0
votes

I get an intermittent error when loading a page with a CSP Firefox: "Content Security Policy: The page’s settings blocked the loading of a resource at inline (“script-src”). Source: ..."

Chrome "The source list for the Content Security Policy directive 'script-src' contains an invalid source: ''nonce-YVV3G@Kk3ex7GMz53NWHlwAAADs''. It will be ignored. list:1 Refused to execute inline script because it violates the following Content Security Policy directive: "script-src 'self' 'nonce-YVV3G@Kk3ex7GMz53NWHlwAAADs' 'report-sample' ...". Either the 'unsafe-inline' keyword, a hash ('sha256-bcuD/K2TDYJ65gRxOp1yB9QFYhNqCOvbD35Sa/Pn/es='), or a nonce ('nonce-...') is required to enable inline execution."

I am using nonces. I do not think I have anything inline which is not under a nonce. Apache config:

<IfModule mod_headers.c>
Header set Content-Security-Policy "report-to '...'; " 
Header set Content-Security-Policy "report-uri '...'; " 

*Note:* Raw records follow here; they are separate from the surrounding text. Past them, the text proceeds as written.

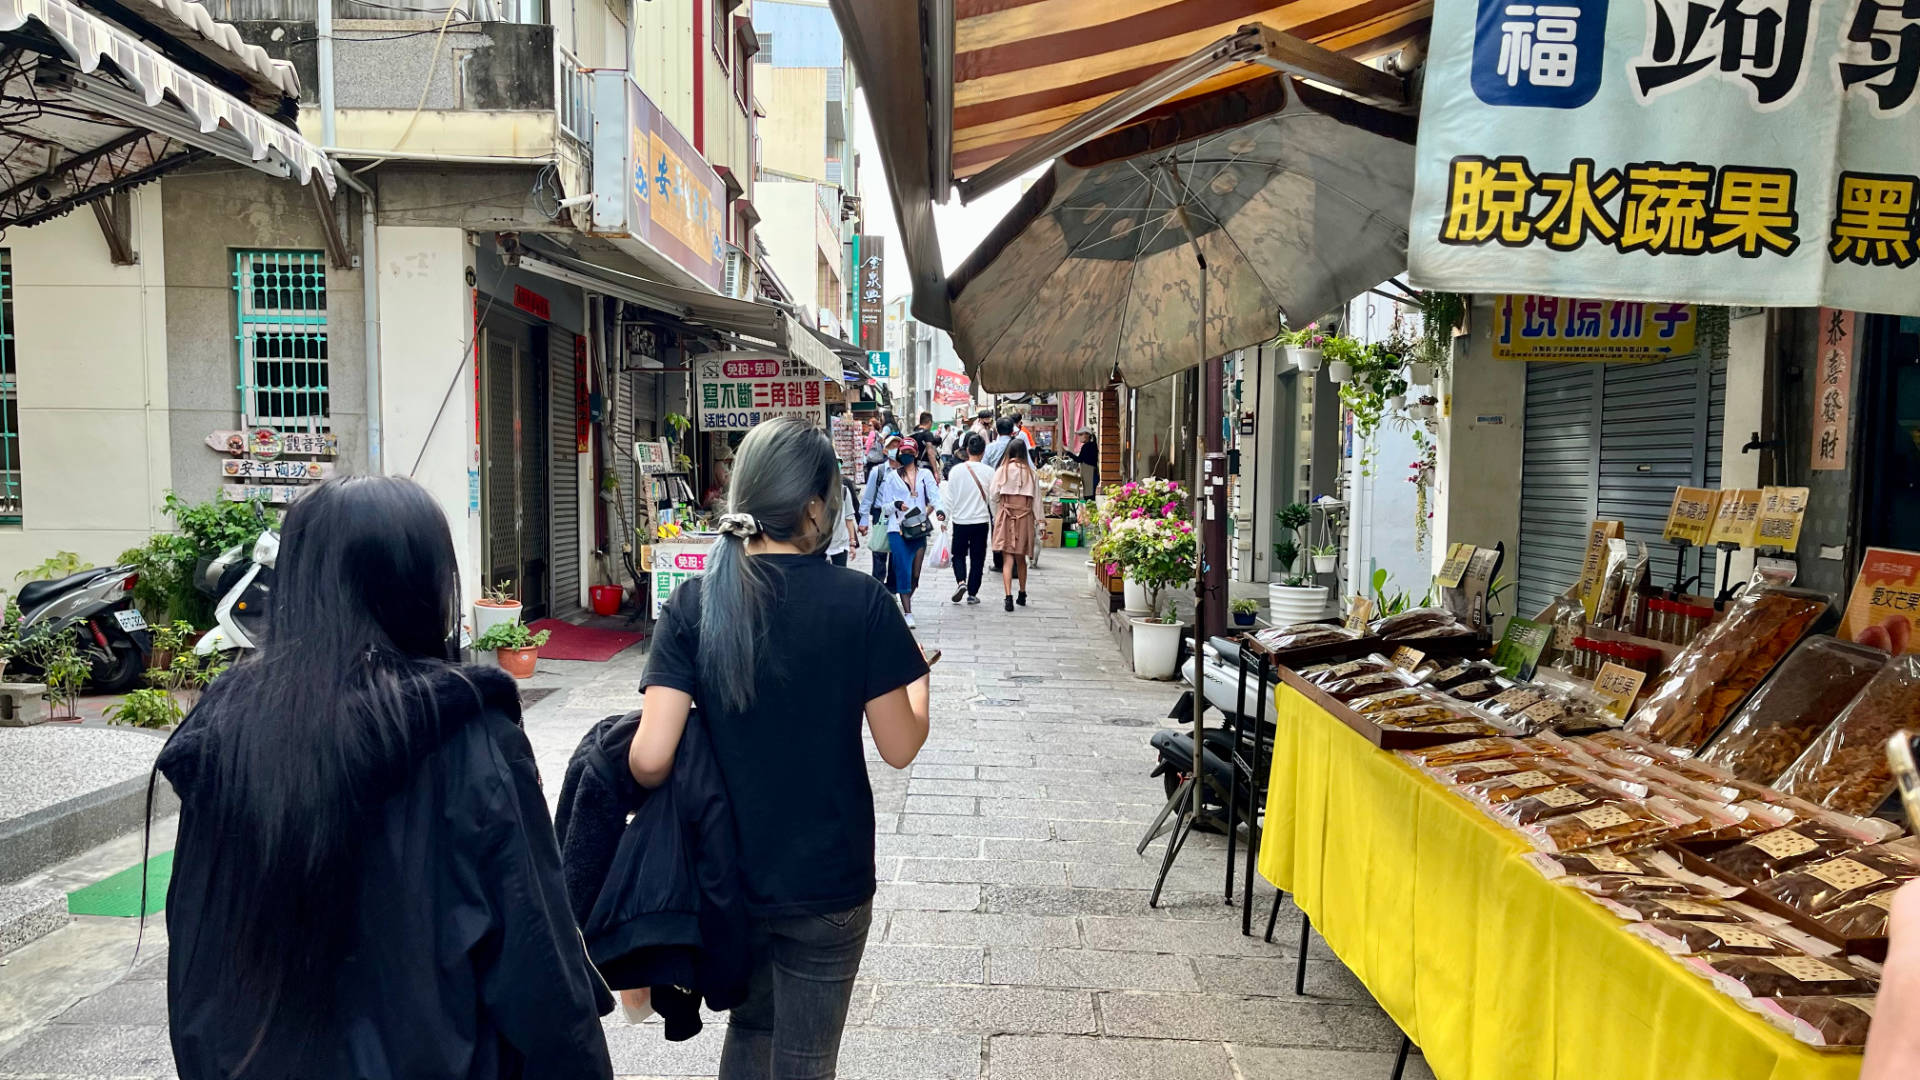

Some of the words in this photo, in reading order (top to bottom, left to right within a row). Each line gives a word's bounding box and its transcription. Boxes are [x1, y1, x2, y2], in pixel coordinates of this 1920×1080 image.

[1496, 4, 1582, 88] 福
[1440, 156, 1798, 258] 脫水蔬果
[703, 381, 821, 409] 寫不斷三角鉛筆
[1819, 309, 1848, 460] 恭喜發財
[287, 434, 326, 453] 觀音亭
[240, 460, 307, 478] 安平陶坊
[1869, 586, 1920, 612] 愛文芒果
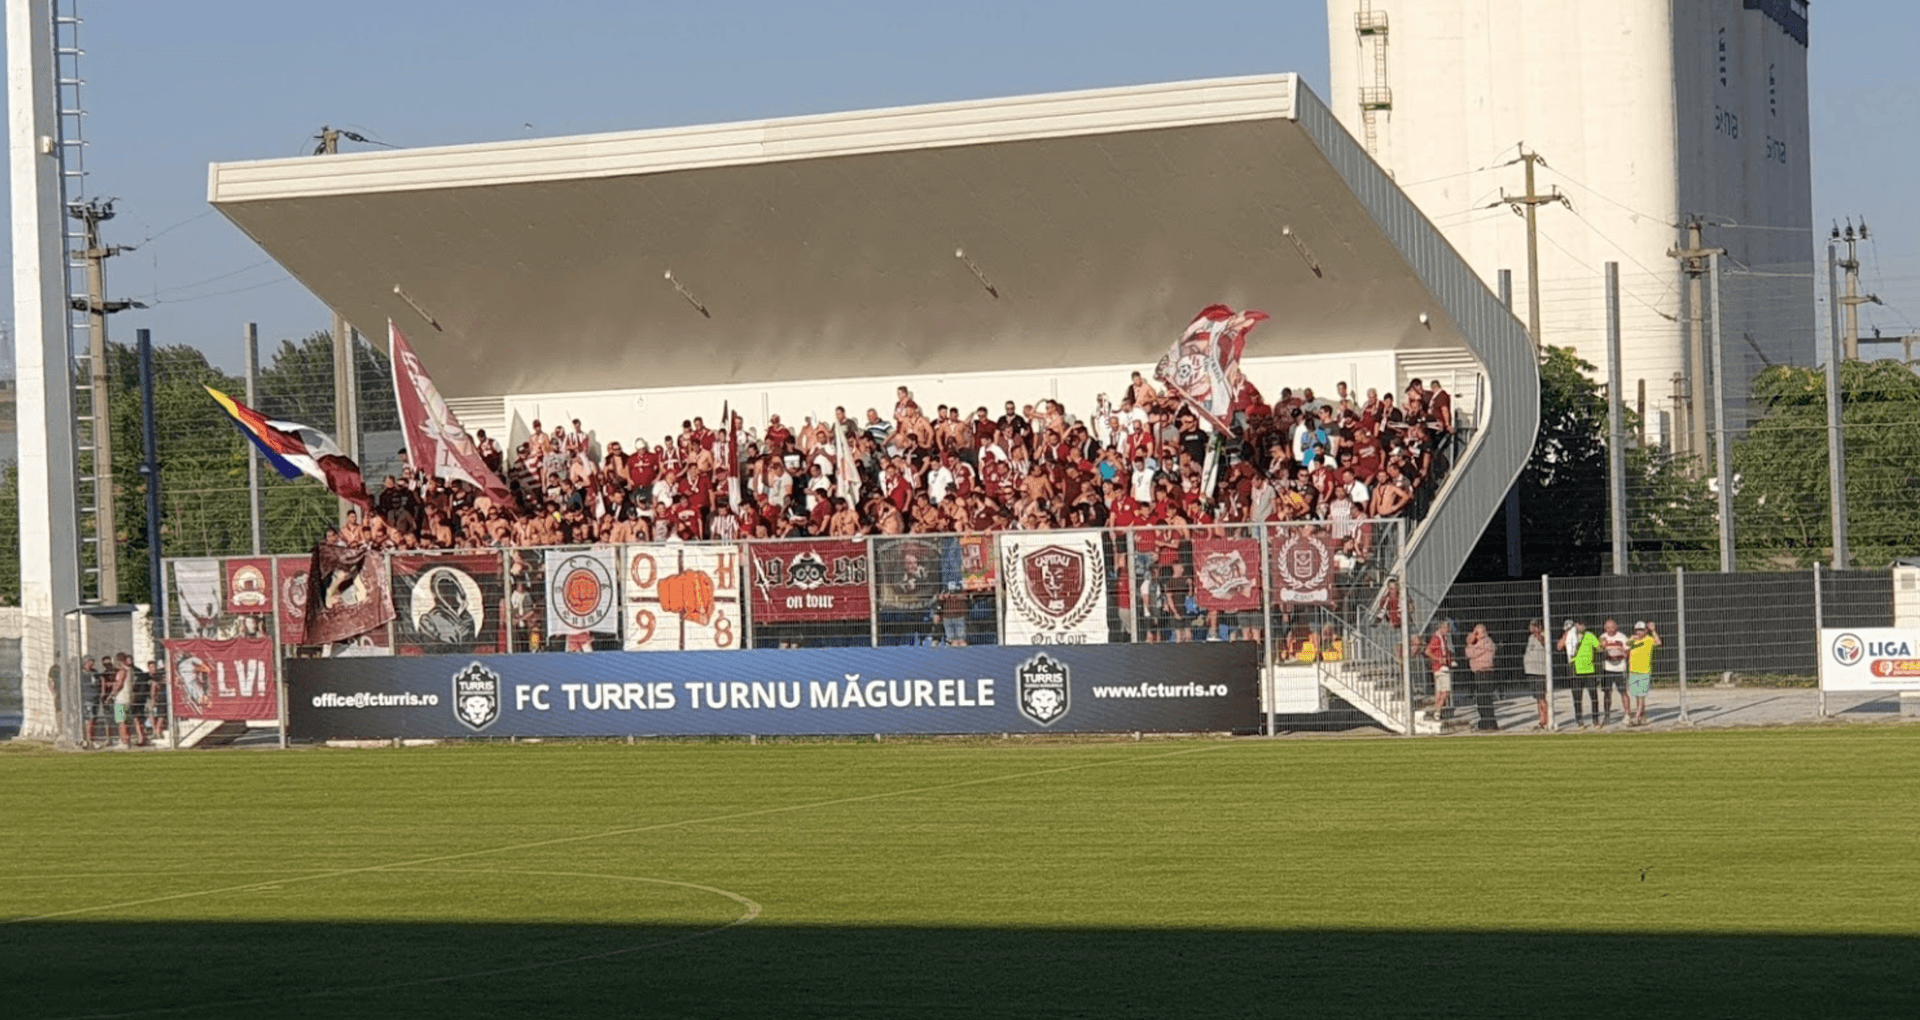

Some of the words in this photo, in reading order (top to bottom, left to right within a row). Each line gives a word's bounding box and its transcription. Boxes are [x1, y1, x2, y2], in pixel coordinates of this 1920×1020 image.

[786, 595, 803, 608] on
[806, 593, 834, 608] tour
[1868, 641, 1911, 657] LIGA
[1037, 664, 1049, 673] FC
[471, 673, 482, 681] FC
[1023, 673, 1064, 683] TURRIS
[459, 681, 494, 691] TURRIS
[515, 684, 550, 711] FC
[561, 682, 676, 710] TURRIS
[685, 681, 801, 709] TURNU
[809, 673, 995, 708] MĂGURELE
[1093, 682, 1228, 698] www.fcturris.ro
[312, 692, 439, 709] office@fcturris.ro
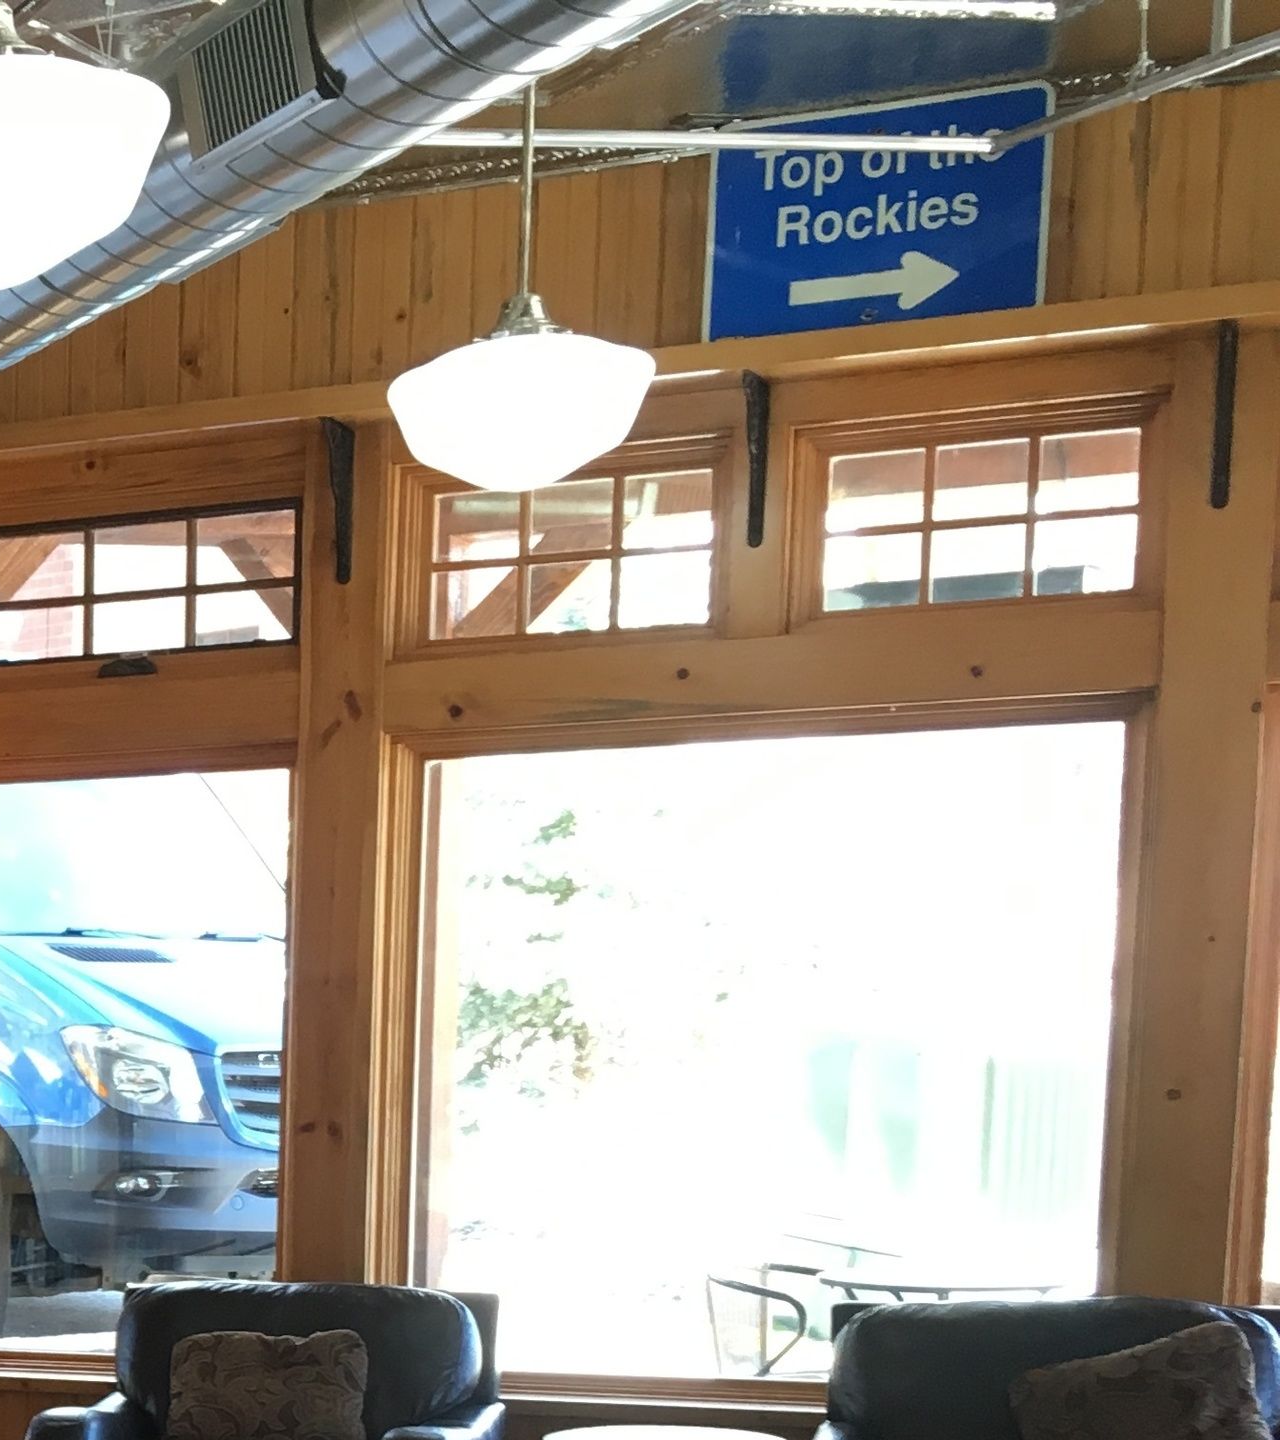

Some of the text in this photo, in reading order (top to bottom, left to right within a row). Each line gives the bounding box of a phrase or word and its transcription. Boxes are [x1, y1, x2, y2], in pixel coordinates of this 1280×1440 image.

[754, 124, 1006, 197] Top of the
[776, 190, 980, 248] Rockies

Header set Content-Security-Policy "default-src 'self'; "
Header set Content-Security-Policy "base-uri 'self' 'nonce-%{UNIQUE_ID}e'; "
Header set Content-Security-Policy "object-src 'self' 'nonce-%{UNIQUE_ID}e'; "
Header set Content-Security-Policy "connect-src 'self' 'nonce-%{UNIQUE_ID}e'; "
Header set Content-Security-Policy "worker-src 'self' 'nonce-%{UNIQUE_ID}e'; "
Header set Content-Security-Policy "child-src 'self' 'nonce-%{UNIQUE_ID}e'; "
Header set Content-Security-Policy "frame-src 'self' 'nonce-%{UNIQUE_ID}e'; "
Header set Content-Security-Policy "form-action 'self' 'nonce-%{UNIQUE_ID}e'; " 
Header set Content-Security-Policy "manifest-src 'self' 'nonce-%{UNIQUE_ID}e'; " 
Header set Content-Security-Policy "media-src 'self' 'nonce-%{UNIQUE_ID}e'; "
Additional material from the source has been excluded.